Deux témoins ont confirmé à La Presse avoir entendu quatre ou cinq coups de feu très tôt dimanche matin. André Beaudoin était sur place dès 5 h pour son quart de travail à la boucherie Fortin, tout près de la scène. « Les policiers ont demandé à l’homme de lâcher son arme. J’ai entendu quatre ou cinq coups de feu. Après ça, silence radio. »

« J’ai entendu des gens qui se disputaient juste avant les coups de feu. Une voix de femme, puis un homme à l’accent maghrébin. Ensuite, quelqu’un a crié ‟je vais tirer, je vais tirer” et il y a eu quatre tirs très rapides », raconte un jeune homme, qui se trouvait chez lui au moment des faits. Le balcon de son appartement fait face à la caserne de pompiers. « Je ne suis pas sorti, je ne voulais pas me mêler à tout ça », précise-t-il. Il n’a pas voulu révéler son identité, puisqu’il ne voulait pas nuire à l’enquête.

Le suspect aurait tenté d’entrer dans la caserne de pompiers en frappant la porte, armé d’un couteau. Vers 6 h 45, les policiers auraient été appelés à l’intersection du boulevard Rolland et de la rue Pascal.

Sur place, les agents du SPVM auraient tenté d’entrer en communication avec l’homme, mais ce dernier n’aurait pas voulu coopérer. Les policiers auraient tiré en direction de l’individu peu après, et une balle l’aurait atteint.
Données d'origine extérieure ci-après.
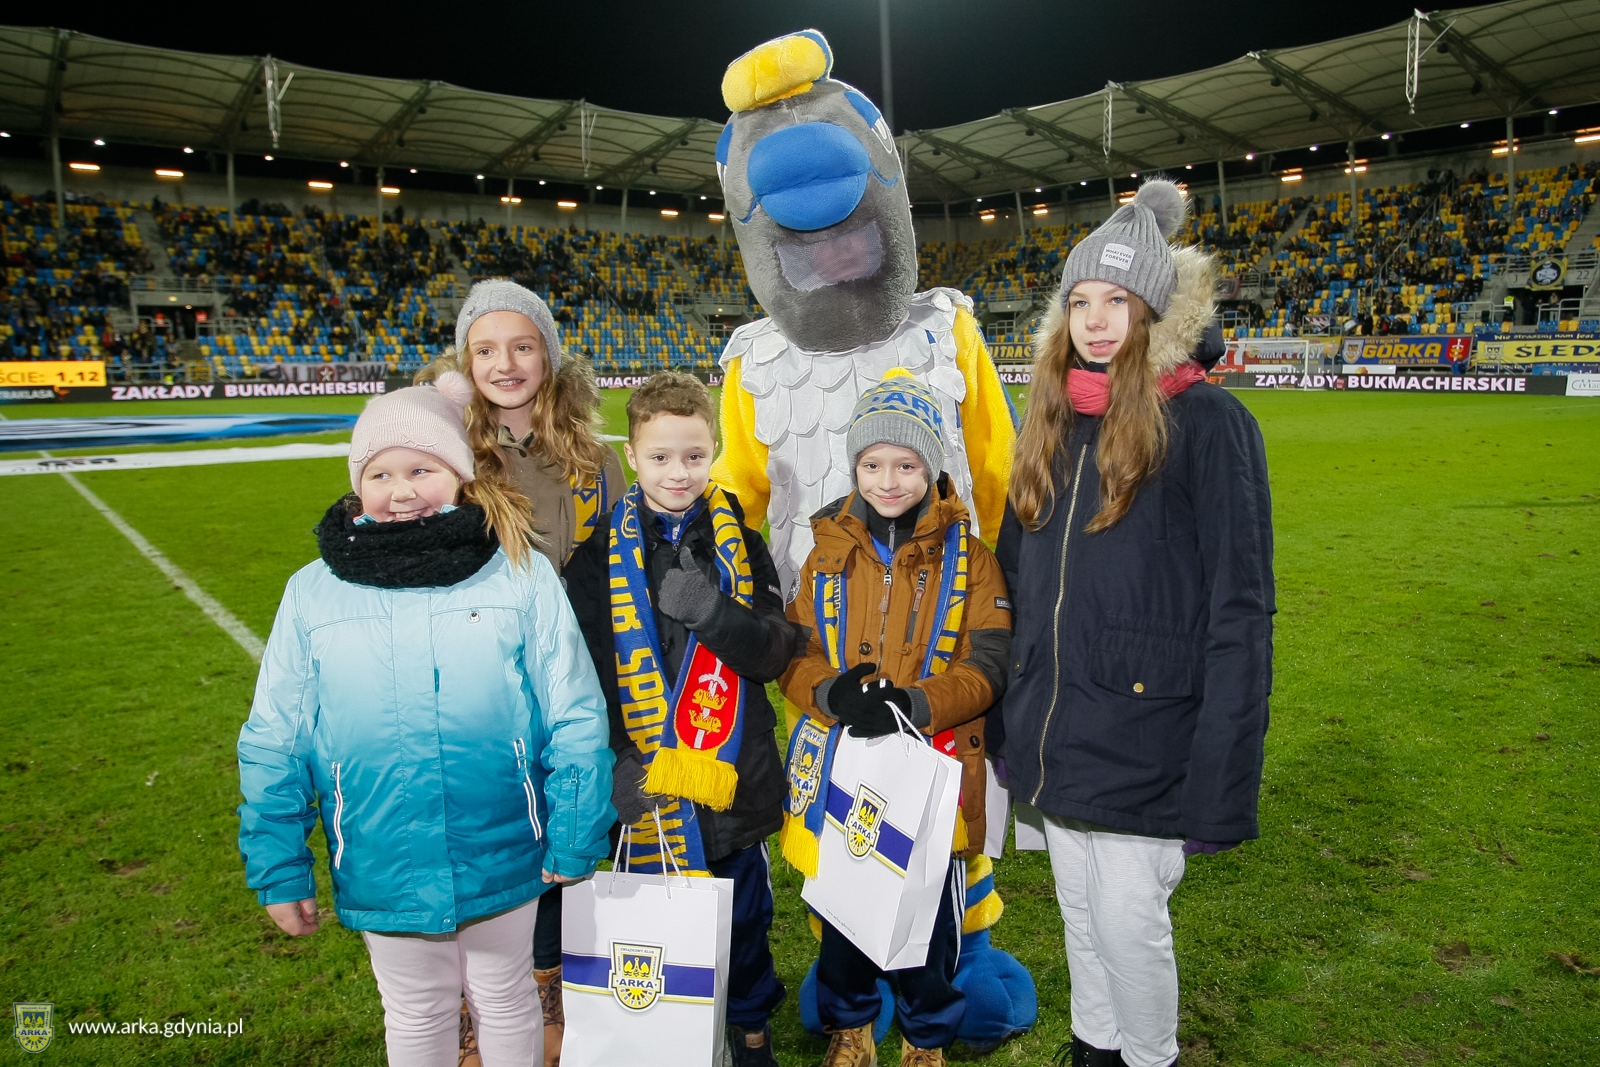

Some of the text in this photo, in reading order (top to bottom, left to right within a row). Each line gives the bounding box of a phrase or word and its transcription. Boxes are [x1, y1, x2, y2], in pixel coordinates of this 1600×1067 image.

[1105, 254, 1128, 263] FOREVER
[1576, 270, 1590, 280] 22
[1361, 342, 1443, 359] GÓRKA
[57, 372, 99, 384] 1,12
[1000, 373, 1034, 383] KŁAD
[1255, 374, 1338, 388] ZAKŁADY
[1347, 375, 1526, 392] BUKMACHERSKIE
[111, 381, 386, 400] ZAKŁADY BUKMACHERSKIE
[852, 820, 872, 840] ARKA
[619, 978, 654, 989] ARKA
Un imposant périmètre policier a été érigé sur le boulevard Rolland.

Six enquêteurs du BEI ont été chargés d’enquêter sur cet évènement. Ils seront assistés d’un technicien en identité judiciaire de la Sûreté du Québec (SQ), qui travaillera sous leur supervision.

Voisinage blasé

Le voisinage affichait un air blasé, dimanche matin. On faisait ses courses, on se promenait avec les enfants en poussette et on jasait entre amis devant les nombreux commerces antillais, comme d’habitude. Près d’un magasin de produits de beauté, des jeunes du quartier se disputaient bruyamment en se faisant des doigts d’honneur. Ils ont entendu des bruits qui « ressemblaient à des feux d’artifice » un peu avant 7 h, ont-ils confirmé en haussant les épaules. « Ça se passe souvent dans le coin », a dit un adolescent interrogé par La Presse.

Rosa Flamenco habite juste à côté de la caserne 18, devant laquelle s’est produite l’altercation entre les policiers et le suspect. « C’est assez fréquent d’entendre des tirs pendant la nuit ou tôt le matin. Je ne cherche plus vraiment à savoir ce qui se passe, je me rendors. Un jour, je déménagerai ailleurs. »

« Ça tire ici, ça se chicane et ça se menace. Les coups de feu et les altercations, ça ne nous réveille plus, ça arrive souvent », a confié une résidante du quartier qui a préféré ne pas dévoiler son nom. Elle habite dans la rue Jubinville depuis plusieurs années et n’a même pas sourcillé à la vue des nombreuses voitures de police postées devant le périmètre. « Personne n’aime ça. On a tous des enfants et ça nous inquiète. Cet été, c’était pire, des fois, il y a eu des tirs et ça ne passait même pas aux nouvelles », a-t-elle expliqué.

C’est la deuxième fois en moins de 24 heures que les patrouilleurs du SPVM tirent sur un individu armé à Montréal. Samedi, ils ont blessé un homme soupçonné d’avoir auparavant tué ses deux sœurs par projectiles d’arme à feu dans le quartier Mercier.